Australian athletes destined for the Tokyo Olympic Games will be prioritised for vaccination.
National cabinet on Tuesday agreed the Australian team would be vaccinated under priority group 1b, which includes healthcare workers, Indigenous Australians aged over 55, and elderly people older than 70.
About 2050 people will be vaccinated – up to 480 athletes and more than 1500 support staff.
Minister for Senior Australians and Aged Care Richard Colbeck said the measure would not come at the cost of at-risk Australians.
“While vulnerable Australians remain an absolute priority as the vaccine rollout continues, national cabinet understands the pressure our high-performance athletes have been facing as the Tokyo Games draw closer,” he said in a statement.

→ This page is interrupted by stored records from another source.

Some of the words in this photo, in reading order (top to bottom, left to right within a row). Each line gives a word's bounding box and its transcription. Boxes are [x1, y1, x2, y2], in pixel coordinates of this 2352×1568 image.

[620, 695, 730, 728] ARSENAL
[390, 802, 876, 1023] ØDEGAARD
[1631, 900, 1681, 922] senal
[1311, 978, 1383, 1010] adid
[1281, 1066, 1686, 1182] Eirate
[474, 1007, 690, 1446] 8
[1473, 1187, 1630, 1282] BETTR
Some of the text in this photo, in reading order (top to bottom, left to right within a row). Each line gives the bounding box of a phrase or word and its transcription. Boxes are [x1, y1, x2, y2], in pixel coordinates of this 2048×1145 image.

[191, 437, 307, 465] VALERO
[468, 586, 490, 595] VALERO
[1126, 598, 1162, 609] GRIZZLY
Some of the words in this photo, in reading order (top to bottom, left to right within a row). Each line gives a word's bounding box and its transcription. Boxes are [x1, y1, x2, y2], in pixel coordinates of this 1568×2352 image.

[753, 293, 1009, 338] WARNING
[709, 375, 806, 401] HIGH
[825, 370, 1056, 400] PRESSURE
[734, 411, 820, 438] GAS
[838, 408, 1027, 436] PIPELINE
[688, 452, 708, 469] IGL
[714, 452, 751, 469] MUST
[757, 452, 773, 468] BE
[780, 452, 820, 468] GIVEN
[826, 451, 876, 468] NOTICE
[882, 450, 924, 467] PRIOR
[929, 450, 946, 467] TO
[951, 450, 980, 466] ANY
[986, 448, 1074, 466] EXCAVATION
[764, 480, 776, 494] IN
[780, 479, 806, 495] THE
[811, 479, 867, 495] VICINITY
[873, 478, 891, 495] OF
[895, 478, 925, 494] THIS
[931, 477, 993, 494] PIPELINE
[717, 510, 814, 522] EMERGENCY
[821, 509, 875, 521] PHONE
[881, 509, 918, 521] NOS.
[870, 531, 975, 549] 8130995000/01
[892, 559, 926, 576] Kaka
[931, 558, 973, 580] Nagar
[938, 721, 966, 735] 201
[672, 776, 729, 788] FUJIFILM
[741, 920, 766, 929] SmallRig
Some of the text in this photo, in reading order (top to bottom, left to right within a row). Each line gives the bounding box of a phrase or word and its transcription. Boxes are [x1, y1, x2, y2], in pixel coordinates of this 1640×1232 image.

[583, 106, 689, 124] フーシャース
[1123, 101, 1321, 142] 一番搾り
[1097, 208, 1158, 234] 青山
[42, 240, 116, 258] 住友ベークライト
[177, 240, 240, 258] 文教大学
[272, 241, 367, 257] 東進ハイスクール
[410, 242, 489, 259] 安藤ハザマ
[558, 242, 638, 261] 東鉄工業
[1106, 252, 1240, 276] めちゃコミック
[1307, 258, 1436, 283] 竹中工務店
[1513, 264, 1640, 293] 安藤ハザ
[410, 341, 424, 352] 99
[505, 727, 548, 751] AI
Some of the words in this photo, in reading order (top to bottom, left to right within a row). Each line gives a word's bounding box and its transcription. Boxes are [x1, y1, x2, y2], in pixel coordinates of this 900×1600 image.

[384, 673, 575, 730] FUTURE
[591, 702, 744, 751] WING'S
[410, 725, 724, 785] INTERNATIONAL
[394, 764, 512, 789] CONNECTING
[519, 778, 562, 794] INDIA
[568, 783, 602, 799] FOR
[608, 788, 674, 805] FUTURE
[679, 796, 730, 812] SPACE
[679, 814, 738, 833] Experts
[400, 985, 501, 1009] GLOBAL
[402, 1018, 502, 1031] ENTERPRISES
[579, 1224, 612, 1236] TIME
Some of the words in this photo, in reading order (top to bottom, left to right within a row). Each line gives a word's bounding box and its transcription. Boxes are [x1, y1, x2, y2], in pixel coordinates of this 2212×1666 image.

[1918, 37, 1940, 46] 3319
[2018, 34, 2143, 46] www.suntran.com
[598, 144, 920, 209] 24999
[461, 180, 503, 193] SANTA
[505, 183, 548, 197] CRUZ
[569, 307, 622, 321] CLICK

“We want to see our athletes head to Tokyo to compete and then return to Australia safely,” Health Minister Greg Hunt added.
Some 1,969,337 vaccine doses have been administered in Australia, 205,203 of which were doled out in aged and disability care facilities.
Members of the team aged over 50 will receive the AstraZeneca vaccine, while those under 50 will be jabbed with Pfizer.
Thank you to the Federal Government.
There will be hundreds of very grateful athletes tonight, along with their families.
— AUS Olympic Team (@AUSOlympicTeam) April 27, 2021
Australian Olympic Committee chief executive Matt Carroll said the team would be vaccinated outside of the public health system, so as not to put any additional pressure on it.
“There will be hundreds of very grateful athletes, coaches and their families relieved to know that their hard work over five years has been worth it,” he said in a statement welcoming the announcement.
“This added layer of assurance is what they were seeking.”
The Tokyo Olympics will run from July 23 to August 8, after they were postponed in 2020 as a result of the coronavirus pandemic.
Athletes headed to the Paralympic Games, which will run from August 24 to September 5, will also be jabbed early.